§ YOUR INSTRUCTIONS: Write the records out again exactly as they read, dropping any picture they hold.

§ DATA FOR PROCESSING:

*****

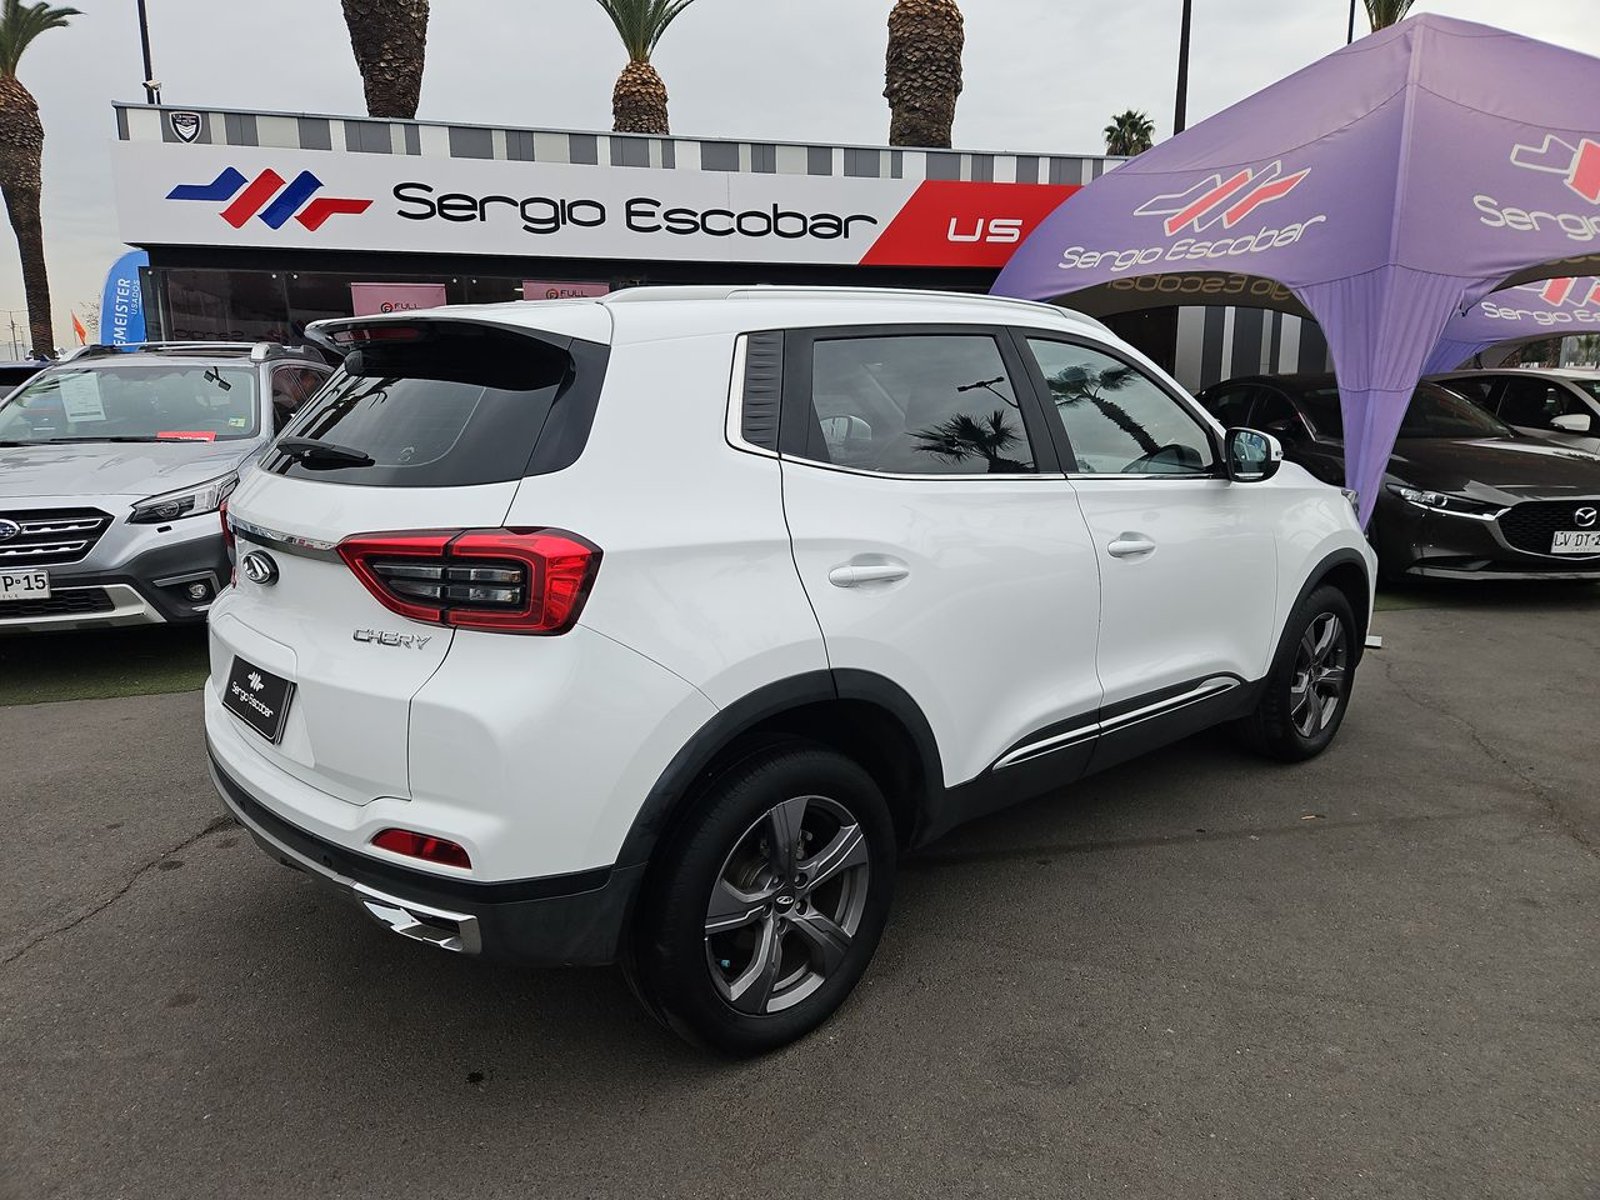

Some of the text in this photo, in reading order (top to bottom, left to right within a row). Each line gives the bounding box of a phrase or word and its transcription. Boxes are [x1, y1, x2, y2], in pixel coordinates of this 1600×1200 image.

[393, 182, 878, 240] Sergio Escobar
[947, 217, 1023, 243] US
[1058, 215, 1327, 272] Sergio Escobar
[131, 280, 140, 315] USADOS
[1481, 301, 1573, 326] Sergio
[353, 628, 432, 650] CHERY
[231, 681, 274, 718] Sergio Escobar
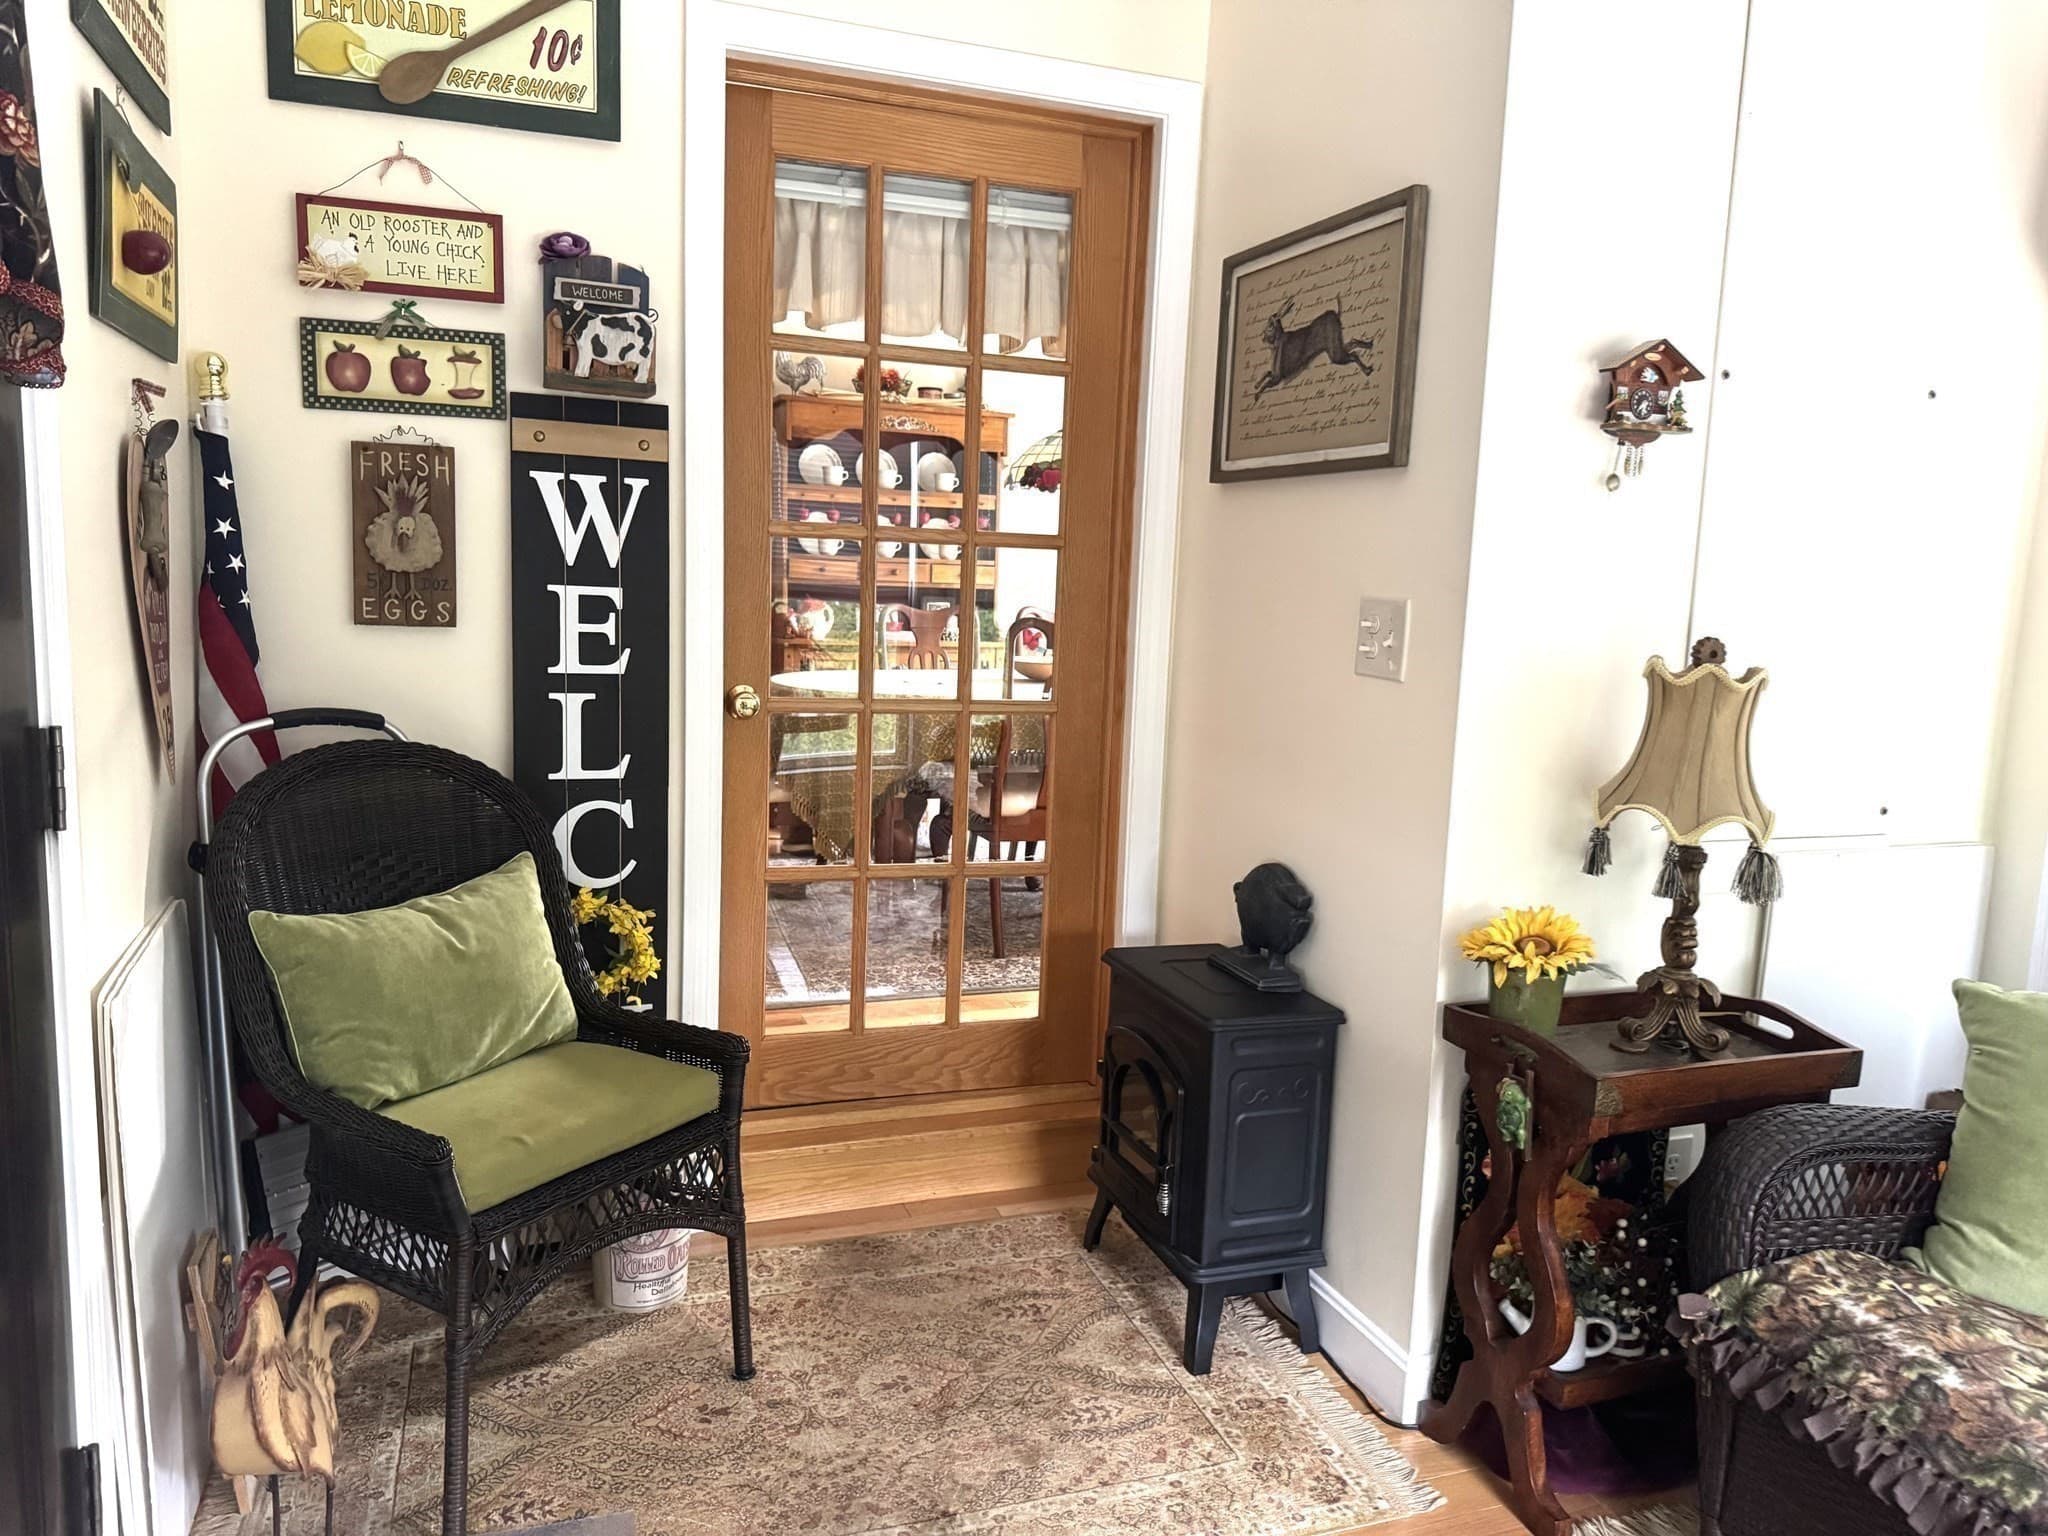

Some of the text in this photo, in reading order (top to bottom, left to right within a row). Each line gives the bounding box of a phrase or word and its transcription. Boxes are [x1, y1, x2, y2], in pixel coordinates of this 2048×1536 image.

*****

§ OUTPUT BELOW:
Some of the text in this photo, in reading order (top to bottom, left to right within a row). Each line gives the bounding box of a phrase or word and its transcription. Boxes are [x1, y1, x2, y2], in pixel coordinates of this 1600×1200 image.

[393, 182, 878, 240] Sergio Escobar
[947, 217, 1023, 243] US
[1058, 215, 1327, 272] Sergio Escobar
[131, 280, 140, 315] USADOS
[1481, 301, 1573, 326] Sergio
[353, 628, 432, 650] CHERY
[231, 681, 274, 718] Sergio Escobar

Some of the text in this photo, in reading order (top to bottom, left to right within a row). Each line gives the bounding box of a phrase or word and its transcription. Boxes are [x1, y1, x2, y2], in pixel coordinates of this 2048×1536 image.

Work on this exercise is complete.